### What is needed
Once the pictures are set aside, copy everything else in the records exactly.

### Material for this exercise
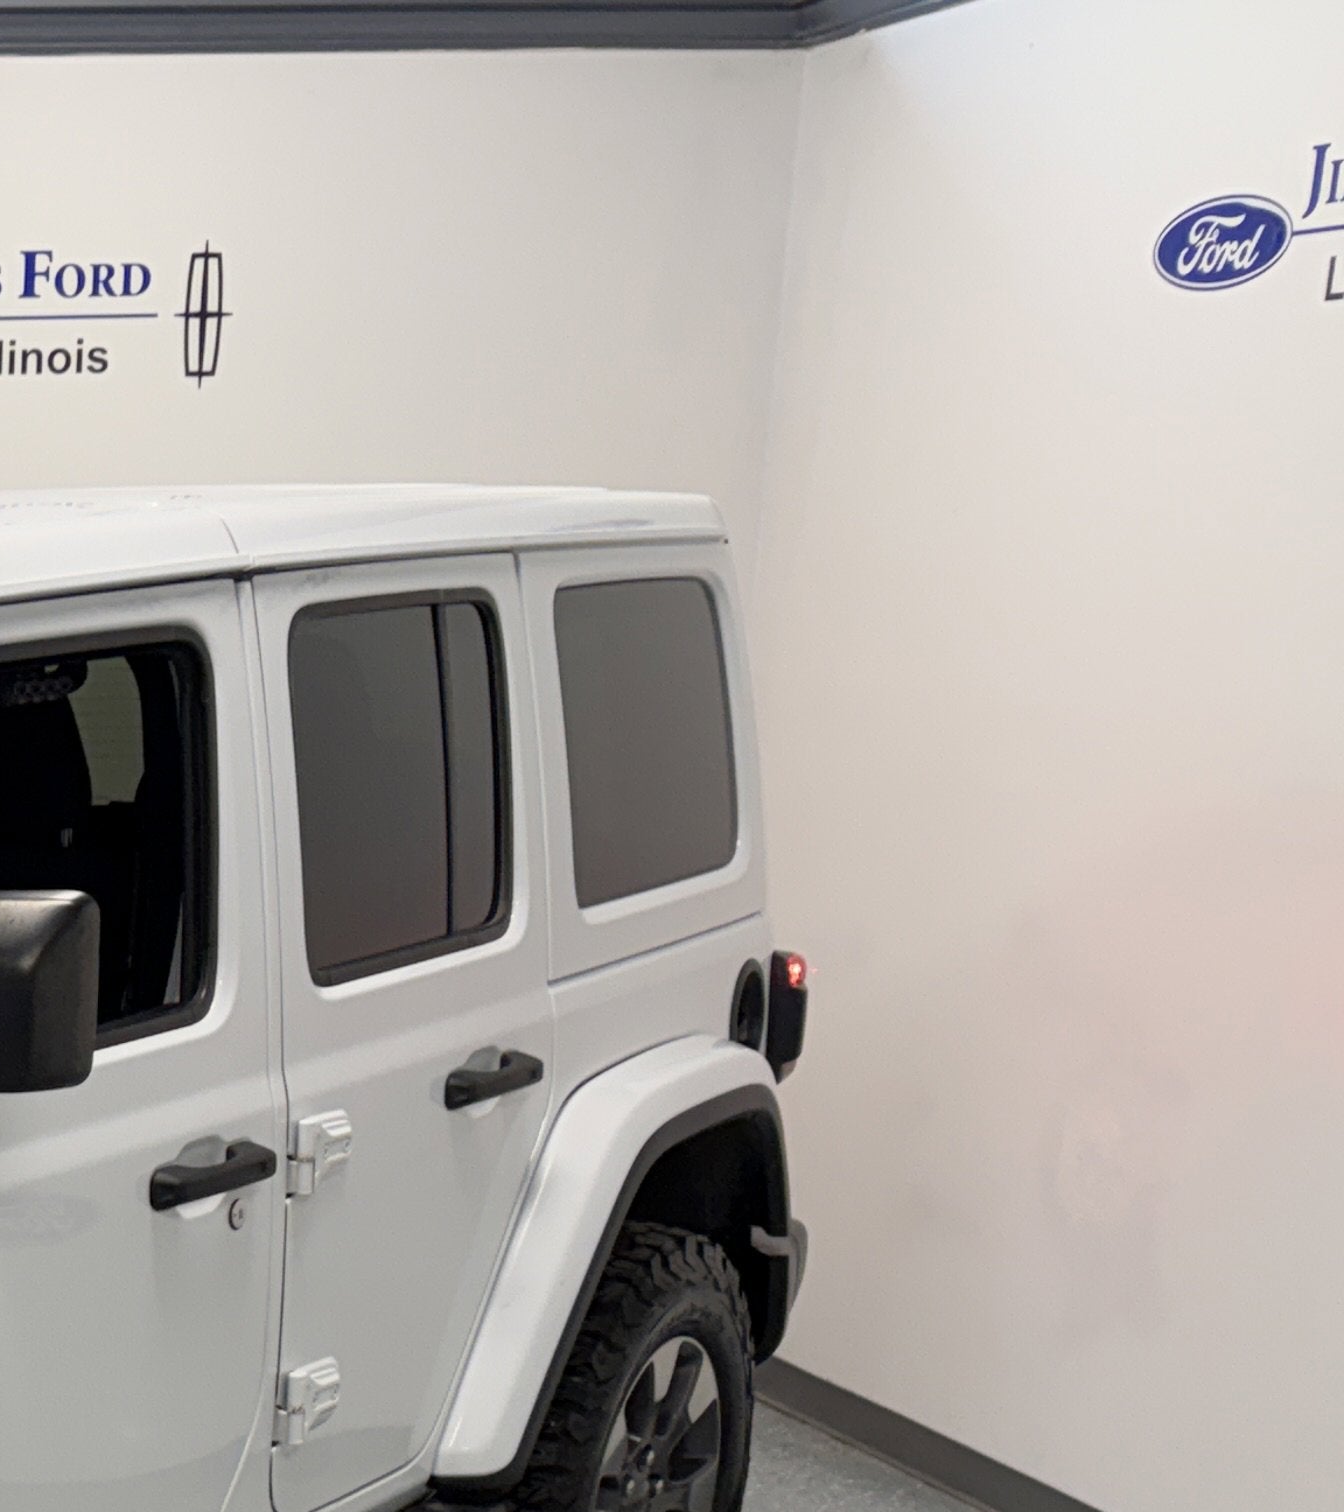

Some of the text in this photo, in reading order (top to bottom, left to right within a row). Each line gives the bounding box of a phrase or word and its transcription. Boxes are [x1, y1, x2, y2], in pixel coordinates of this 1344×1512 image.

[1302, 143, 1344, 219] JI
[18, 250, 152, 299] FORD
[1177, 213, 1266, 276] Ford
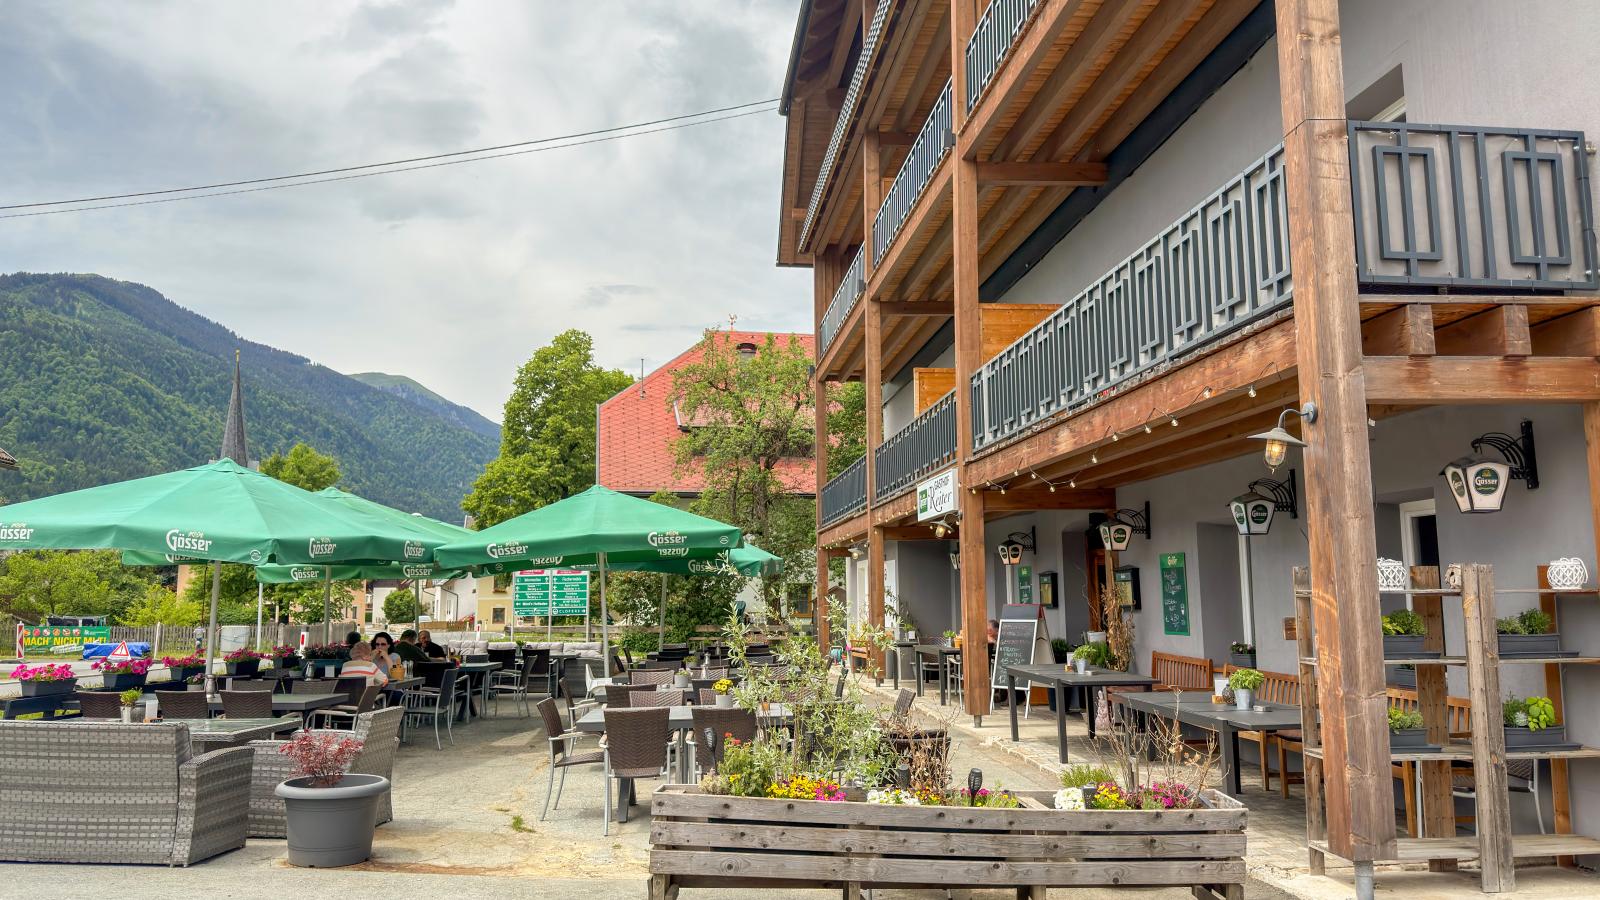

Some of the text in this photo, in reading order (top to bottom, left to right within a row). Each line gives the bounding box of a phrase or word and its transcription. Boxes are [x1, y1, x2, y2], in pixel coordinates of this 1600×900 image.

[1475, 476, 1498, 486] Gösser
[928, 486, 952, 513] Reiter
[0, 522, 34, 540] össer
[166, 529, 212, 552] Gösser
[648, 532, 687, 547] Gösser
[309, 537, 337, 559] Gösser
[404, 540, 425, 558] Gösser
[486, 543, 529, 559] Gösser
[291, 567, 319, 581] Gösser
[403, 565, 432, 578] Gösser
[53, 636, 82, 646] NICHT
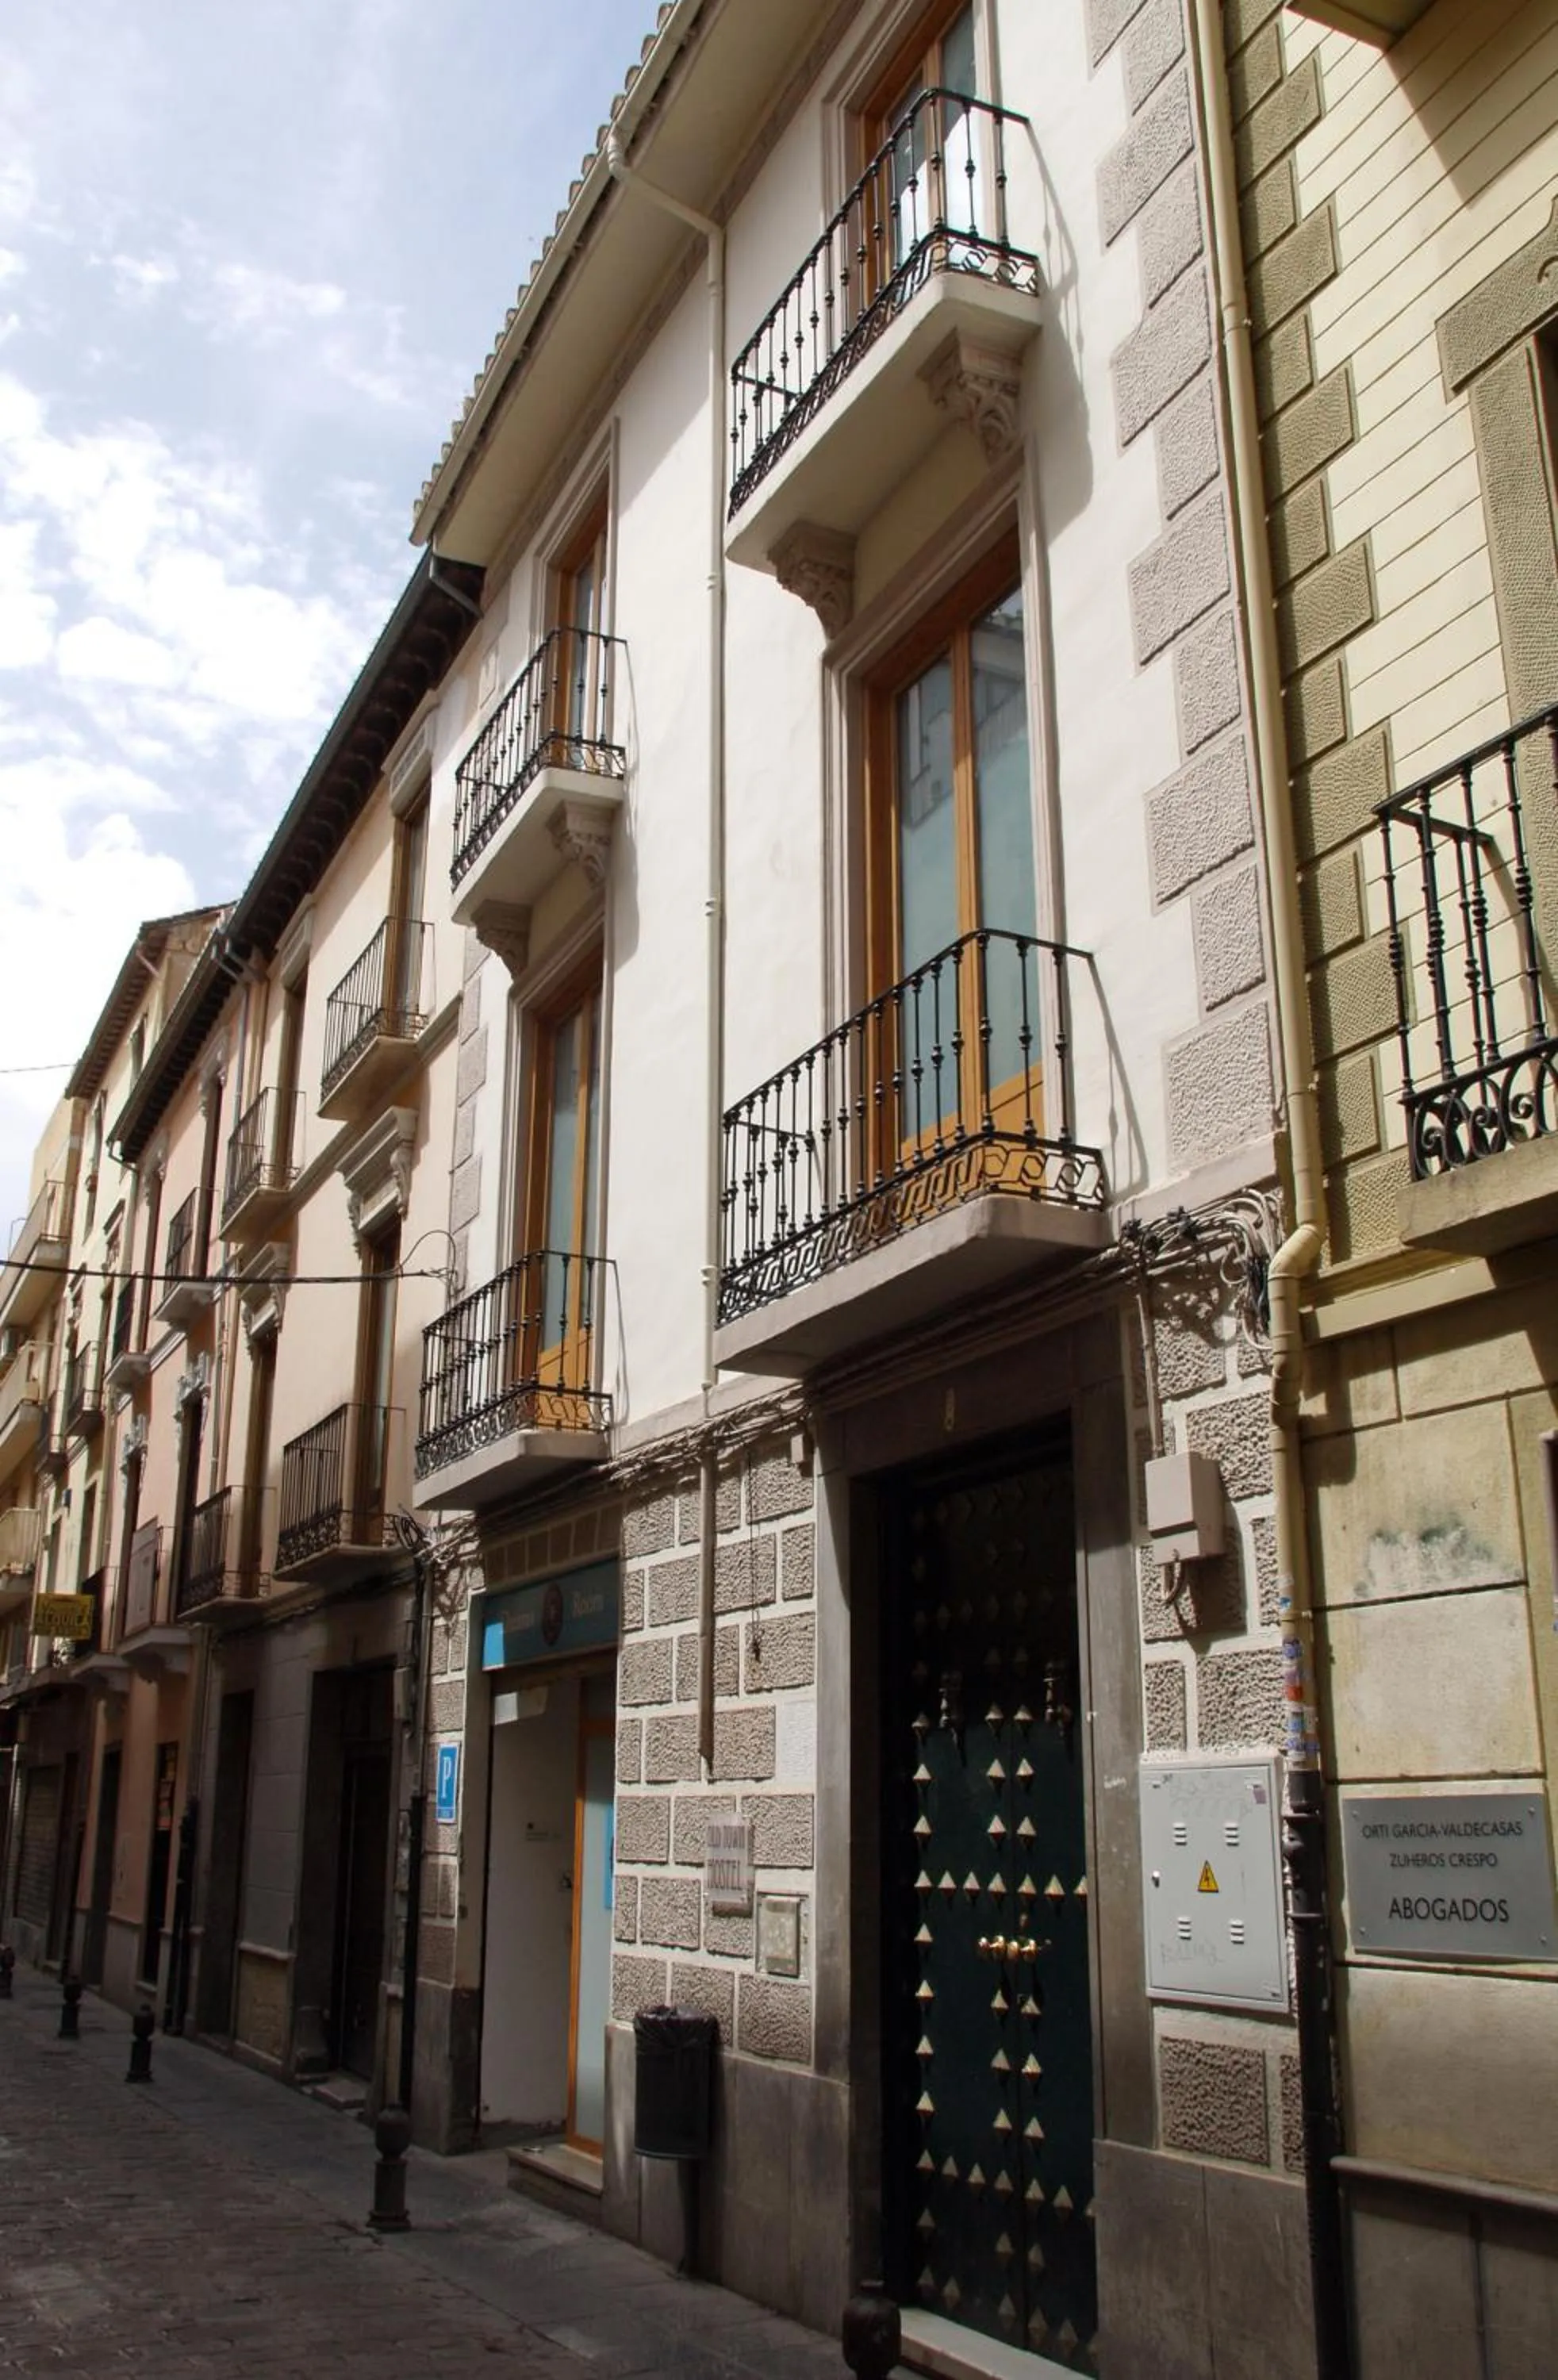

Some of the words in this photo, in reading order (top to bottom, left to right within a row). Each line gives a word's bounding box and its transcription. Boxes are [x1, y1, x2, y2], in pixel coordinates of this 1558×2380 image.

[441, 1756, 452, 1798] P
[1449, 1853, 1498, 1867] CRESPO
[1389, 1897, 1510, 1923] ABOGADOS

### Solution
Some of the text in this photo, in reading order (top to bottom, left to right within a row). Each line gives the bounding box of a phrase or word and its transcription. Boxes are [x1, y1, x2, y2], in pixel coordinates of this 1344×1512 image.

[1302, 143, 1344, 219] JI
[18, 250, 152, 299] FORD
[1177, 213, 1266, 276] Ford

Some of the text in this photo, in reading order (top to bottom, left to right within a row). Each line gives the bounding box of a phrase or word and its transcription. Boxes are [x1, y1, x2, y2], in pixel coordinates of this 1600×900 image.

[1475, 476, 1498, 486] Gösser
[928, 486, 952, 513] Reiter
[0, 522, 34, 540] össer
[166, 529, 212, 552] Gösser
[648, 532, 687, 547] Gösser
[309, 537, 337, 559] Gösser
[404, 540, 425, 558] Gösser
[486, 543, 529, 559] Gösser
[291, 567, 319, 581] Gösser
[403, 565, 432, 578] Gösser
[53, 636, 82, 646] NICHT

Some of the words in this photo, in reading order (top to bottom, left to right within a row). Each line gives a word's bounding box and its transcription. Boxes are [x1, y1, x2, y2], in pixel coordinates of this 1558×2380 image.

[441, 1756, 452, 1798] P
[1449, 1853, 1498, 1867] CRESPO
[1389, 1897, 1510, 1923] ABOGADOS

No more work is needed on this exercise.